Fahrelnissa Zeid, Towards a Sky, 1953, oil on canvas, 593 x 201 cm (private collection; photo: Sotheby’s, 2017) © Fahrelnissa Zeid Estate

Fahrelnissa Zeid, Towards a Sky, 1953, oil on canvas, 593 x 201 cm (private collection; photo: Sotheby’s, 2017) © Fahrelnissa Zeid Estate

When Fahrelnissa Zeid exhibited her painting Towards a Sky in 1953, it took six handlers to install at the Musée d’Art Moderne de la Ville de Paris. The following year, 1954, one third of the canvas had to be rolled up in order to fit the work into the space of London’s Institute for Contemporary Art (Zeid was the first woman to have a solo exhibition there). She reworked and repainted sections of it as she usually did to her works, then re-exhibited it in London in 1957, in the garden of Lord’s Gallery. The painting was mounted on a special frame, punctured around the edges and strung in place like a sail, soaring three floors high.

Originally 7 meters tall, the painting now measures 5.93 by 2.01 meters (233-1/8 by 79 inches). Zeid cut off a section, but both parts reappeared publicly sixty years later and were sold separately by different auction houses. This colossal work is not her largest extant painting, however. That would be her 1949 painting Voyage of the Man Moon, measuring 6 x 1.6 meters and shown for the first time in New York in 1950. Since she began exhibiting in 1941 back in her native Istanbul, Zeid favored large formats averaging two meters, larger than a human body. And from 1949 to the mid-1960s, she produced monumental works averaging 5 meters in length.

Fahrelnissa Zeid, A Study for Towards a Sky, 1953, oil on canvas, 52 x 105 cm (private collection; photo: Bonham’s, 2017) © Fahrelnissa Zeid Estate

Fahrelnissa Zeid, A Study for Towards a Sky, 1953, oil on canvas, 52 x 105 cm (private collection; photo: Bonham’s, 2017) © Fahrelnissa Zeid Estate

Looking at this painting on a screen is misleading, because it does not dominate the viewer’s field of vision as it does in real life.
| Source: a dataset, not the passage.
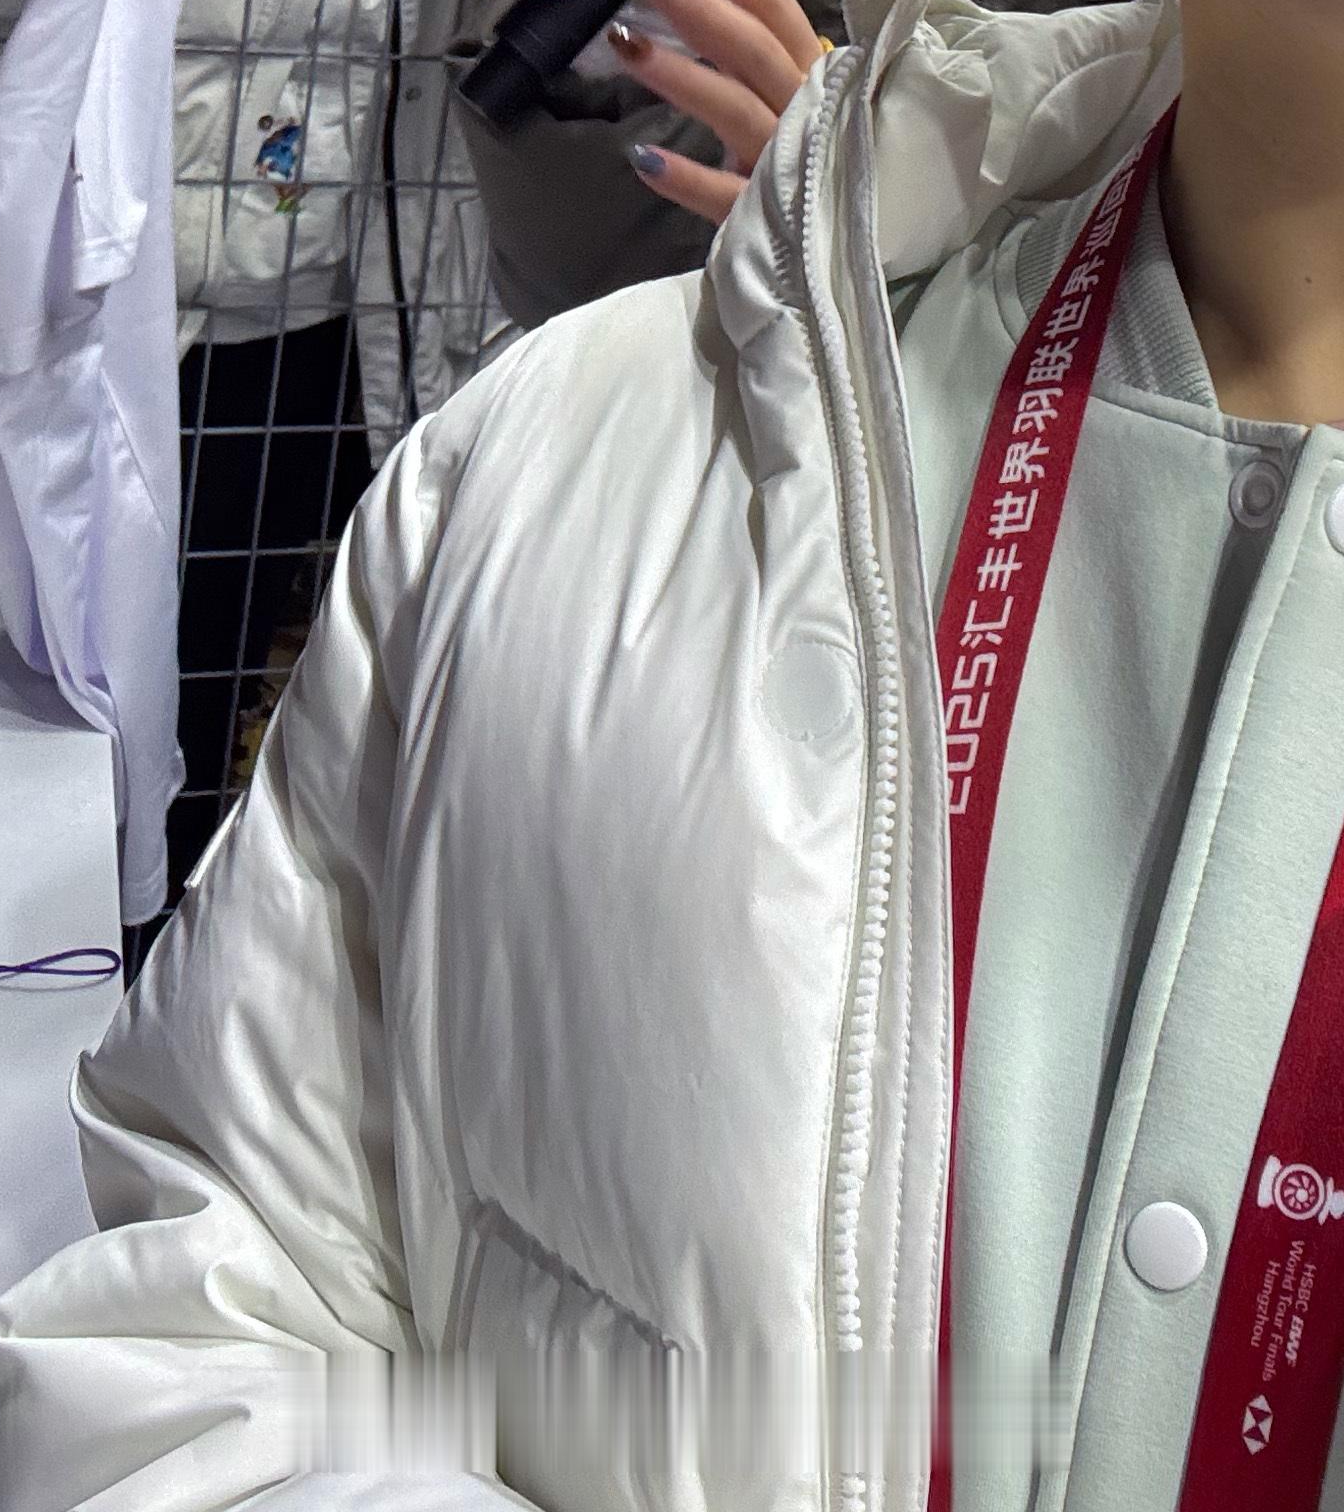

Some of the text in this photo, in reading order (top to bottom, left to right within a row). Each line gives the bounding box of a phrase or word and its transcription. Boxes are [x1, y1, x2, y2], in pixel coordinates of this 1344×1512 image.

[1250, 1260, 1281, 1348] Hangzhou
[1262, 1239, 1305, 1382] World Tour Finals
[1295, 1263, 1317, 1313] HSBC
But the impression of its vortex of colors and shapes is as strong as when it was seen up close in that garden in London, when the critic George Butcher wrote about how before sunset, its entire glowing surface dominated the space, transforming life around it; how it seemed to grow in some organic way out of the ground, and towards the sky. Another critic, Terence Mullaly, noted that the painting’s size was irrelevant, because what mattered more was Zeid’s persuasive vision and her extraordinary ability to speak through color.

The melodic and the symphonic

This work illustrates a most accomplished period in Zeid’s fifty-year-long career as the only non-European, female, mid-20th-century modern artist to have regularly produced monumental paintings.
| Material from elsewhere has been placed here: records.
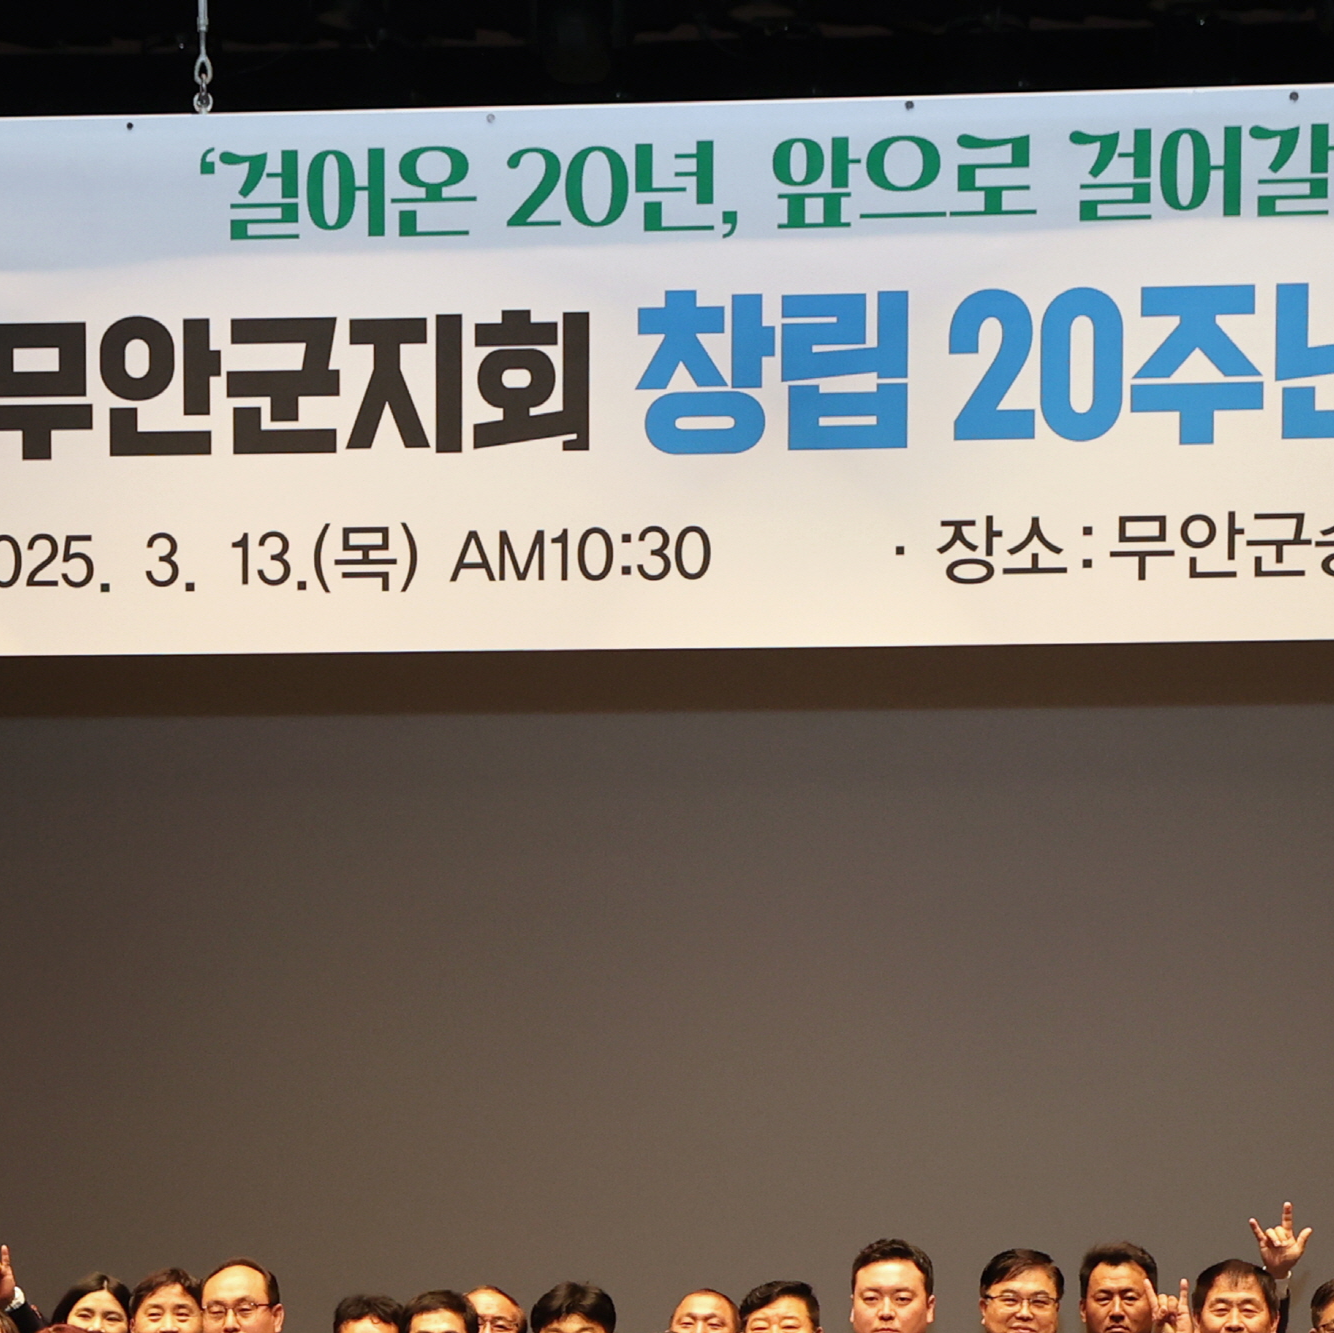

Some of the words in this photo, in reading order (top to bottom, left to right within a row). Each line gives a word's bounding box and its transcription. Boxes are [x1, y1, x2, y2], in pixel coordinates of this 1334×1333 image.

[508, 142, 736, 231] 20년,
[774, 136, 1037, 228] 앞으로
[638, 290, 908, 453] 창립
[146, 533, 194, 591] 3.
[232, 523, 417, 592] 13.(목)
[451, 526, 710, 581] AM10:30
The painting evokes the sublime in its boundlessness, a quality we may associate with Abstract Expressionism, and the movement’s characteristic emotionally charged non-figurative imagery. But Fahrelnissa Zeid arrived at such awe-inspiring results via a distinct trajectory.

She found inspiration in Vassily Kandinsky’s spiritualist theorization of abstract art, in which she recognized her own approach and an articulation of her exalted state of mind while working. This interest may be traced to the 1951 launch of a new French translation of his 1911 book, Concerning the Spiritual in Art, at the opening of her second Paris exhibition. Zeid’s Towards a Sky, like other works she produced during that period, illustrates some of Kandinsky’s prescriptions: rhythm, seemingly antagonistic compositional subdivisions, and a concealed inner harmony.

Advocating for a purer new form of art, divorced from objective representations, Kandinsky urged painters to imitate music’s employment of rhythm and abstract construction, to repeat notes of color and set them in motion. He also argued that pure abstract compositions, lacking objective imagery, should be anchored by small compositions that may appear meaningless and antagonistic to each other, but their opposition and lack of cohesion would harmonize the whole painting. He called the subordinate compositions melodic, and the compositions consisting of various forms, symphonic. Both would be linked by transitional forms, anchored by an undetectable non-geometric harmony, arising from a seemingly unintentional selection of shapes that appeal less to the eye, and more to the soul.

Another early influence on her practice were the writings of the 19th-century color theorist Charles Blanc, which inspired figurative Post-Impressionists like Vincent van Gogh, and the Neo-Impressionist (the separation of colors into individual dots or patches that interact optically) and Pointillist (painting tiny distinct dots next to one another in order to form an image) movements. Discernible in Zeid’s mid-abstract period are Blanc’s ideas on the separation of colors into individual patches. With Zeid, they do not interact to represent a figurative scene, but aggregate in a pulsating multicolor abstract murmuration.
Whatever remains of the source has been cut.